It is true, as the Department stresses, that New Jersey has not placed an absolute bar on the utilization of out-of-state facilities as designated facilities. This, however, does not transform a fundamentally discriminatory scheme into a non-discriminatory one. While out-of-state facilities can compete to become designated facilities, the Department acknowledges that it approves district plans only if they are consistent with the "core" goal of having all of New Jersey's solid waste processed and disposed of in New Jersey within the next five years. This can be accomplished, and is being accomplished, only by selecting existing and proposed in-state facilities whenever possible. In short, out-of-state facilities do not compete on anything approaching a level playing field. Wyoming v.
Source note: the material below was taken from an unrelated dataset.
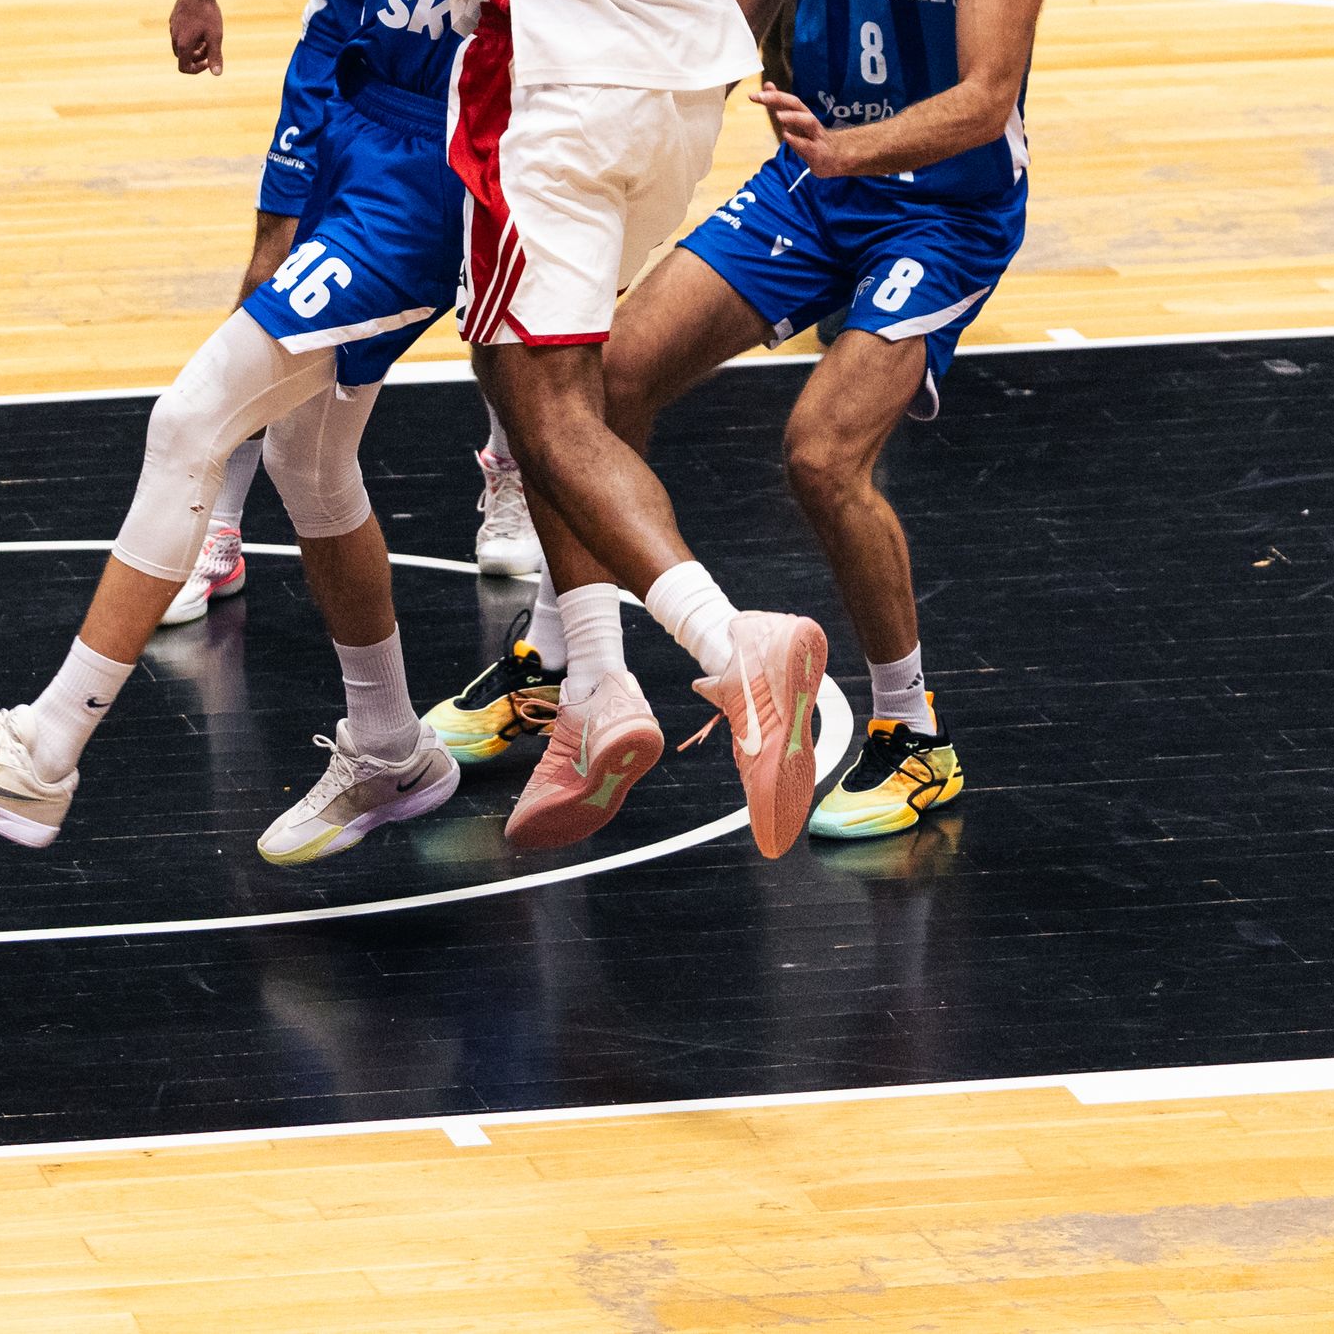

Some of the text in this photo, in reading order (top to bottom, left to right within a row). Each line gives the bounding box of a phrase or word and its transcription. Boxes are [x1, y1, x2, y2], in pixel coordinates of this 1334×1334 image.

[860, 21, 888, 85] 8
[271, 239, 353, 319] 46
[872, 256, 925, 313] 8
Oklahoma, 112 S. Ct. 789, 801 (1992) ("The volume of commerce affected measures only the extent of the discrimination; it is of no relevance to the determination whether a State has discriminated against interstate commerce.").
In reaching our conclusion that the appropriate Commerce Clause measuring rod is heightened scrutiny, we have not been unmindful of the Department's insistence that the public utility aspects of New Jersey's solid waste system distinguish the flow control regulations here from the Clarkstown ordinance. In substance, the Department urges that (1) Clarkstown's transfer station was not a regulated public utility; (2) New Jersey's designated facilities are regulated public utilities; (3) what Atlantic Coast finds objectionable in the waste flow regulations — the monopoly and resulting captive customer base of the designated facilities — is inherent in any public utility regulatory scheme; (4) Commerce Clause analysis in the context of state public utility regulation has consistently employed the balancing test of Pike; and (5) state public utility regulation is upheld where, as here, the burdens on commerce are not disproportionate to the local benefits.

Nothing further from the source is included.